= AVAILABLE DATA =
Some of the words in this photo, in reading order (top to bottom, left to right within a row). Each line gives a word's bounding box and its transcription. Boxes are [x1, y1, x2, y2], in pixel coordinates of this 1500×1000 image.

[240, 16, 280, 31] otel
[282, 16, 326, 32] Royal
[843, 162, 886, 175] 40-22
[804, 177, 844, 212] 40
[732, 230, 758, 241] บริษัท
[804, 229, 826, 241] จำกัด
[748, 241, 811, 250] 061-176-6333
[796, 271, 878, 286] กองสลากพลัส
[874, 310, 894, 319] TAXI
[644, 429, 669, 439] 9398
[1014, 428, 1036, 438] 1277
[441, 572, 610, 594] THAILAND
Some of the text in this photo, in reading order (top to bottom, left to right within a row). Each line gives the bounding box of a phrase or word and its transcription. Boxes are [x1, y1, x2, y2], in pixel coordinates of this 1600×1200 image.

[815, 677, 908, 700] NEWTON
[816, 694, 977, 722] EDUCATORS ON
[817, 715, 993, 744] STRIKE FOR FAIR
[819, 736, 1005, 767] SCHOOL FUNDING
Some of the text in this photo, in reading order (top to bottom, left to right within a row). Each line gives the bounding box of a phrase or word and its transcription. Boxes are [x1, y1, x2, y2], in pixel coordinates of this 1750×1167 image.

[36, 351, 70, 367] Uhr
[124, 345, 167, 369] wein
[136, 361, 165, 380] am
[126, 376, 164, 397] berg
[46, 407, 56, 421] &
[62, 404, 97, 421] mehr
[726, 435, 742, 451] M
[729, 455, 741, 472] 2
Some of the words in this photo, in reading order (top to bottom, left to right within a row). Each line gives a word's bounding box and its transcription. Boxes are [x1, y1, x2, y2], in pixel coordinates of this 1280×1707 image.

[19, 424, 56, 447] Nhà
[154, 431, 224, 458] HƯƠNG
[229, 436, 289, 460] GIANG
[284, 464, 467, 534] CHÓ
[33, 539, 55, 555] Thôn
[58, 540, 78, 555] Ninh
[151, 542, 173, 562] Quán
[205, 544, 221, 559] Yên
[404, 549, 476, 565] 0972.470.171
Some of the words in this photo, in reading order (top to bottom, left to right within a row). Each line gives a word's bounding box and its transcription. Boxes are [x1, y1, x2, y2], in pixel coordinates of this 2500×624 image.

= EXERCISE INSTRUCTIONS =
Whatever appears in the listing above, write it down again exactly.

= EXERCISE OUTPUT =
Some of the words in this photo, in reading order (top to bottom, left to right within a row). Each line gives a word's bounding box and its transcription. Boxes are [x1, y1, x2, y2], in pixel coordinates of this 1500×1000 image.

[240, 16, 280, 31] otel
[282, 16, 326, 32] Royal
[843, 162, 886, 175] 40-22
[804, 177, 844, 212] 40
[732, 230, 758, 241] บริษัท
[804, 229, 826, 241] จำกัด
[748, 241, 811, 250] 061-176-6333
[796, 271, 878, 286] กองสลากพลัส
[874, 310, 894, 319] TAXI
[644, 429, 669, 439] 9398
[1014, 428, 1036, 438] 1277
[441, 572, 610, 594] THAILAND
Some of the text in this photo, in reading order (top to bottom, left to right within a row). Each line gives the bounding box of a phrase or word and its transcription. Boxes are [x1, y1, x2, y2], in pixel coordinates of this 1600×1200 image.

[815, 677, 908, 700] NEWTON
[816, 694, 977, 722] EDUCATORS ON
[817, 715, 993, 744] STRIKE FOR FAIR
[819, 736, 1005, 767] SCHOOL FUNDING
Some of the text in this photo, in reading order (top to bottom, left to right within a row). Each line gives the bounding box of a phrase or word and its transcription. Boxes are [x1, y1, x2, y2], in pixel coordinates of this 1750×1167 image.

[36, 351, 70, 367] Uhr
[124, 345, 167, 369] wein
[136, 361, 165, 380] am
[126, 376, 164, 397] berg
[46, 407, 56, 421] &
[62, 404, 97, 421] mehr
[726, 435, 742, 451] M
[729, 455, 741, 472] 2
Some of the words in this photo, in reading order (top to bottom, left to right within a row). Each line gives a word's bounding box and its transcription. Boxes are [x1, y1, x2, y2], in pixel coordinates of this 1280×1707 image.

[19, 424, 56, 447] Nhà
[154, 431, 224, 458] HƯƠNG
[229, 436, 289, 460] GIANG
[284, 464, 467, 534] CHÓ
[33, 539, 55, 555] Thôn
[58, 540, 78, 555] Ninh
[151, 542, 173, 562] Quán
[205, 544, 221, 559] Yên
[404, 549, 476, 565] 0972.470.171
Some of the words in this photo, in reading order (top to bottom, left to right within a row). Each line gives a word's bounding box and its transcription. Boxes are [x1, y1, x2, y2], in pixel coordinates of this 2500×624 image.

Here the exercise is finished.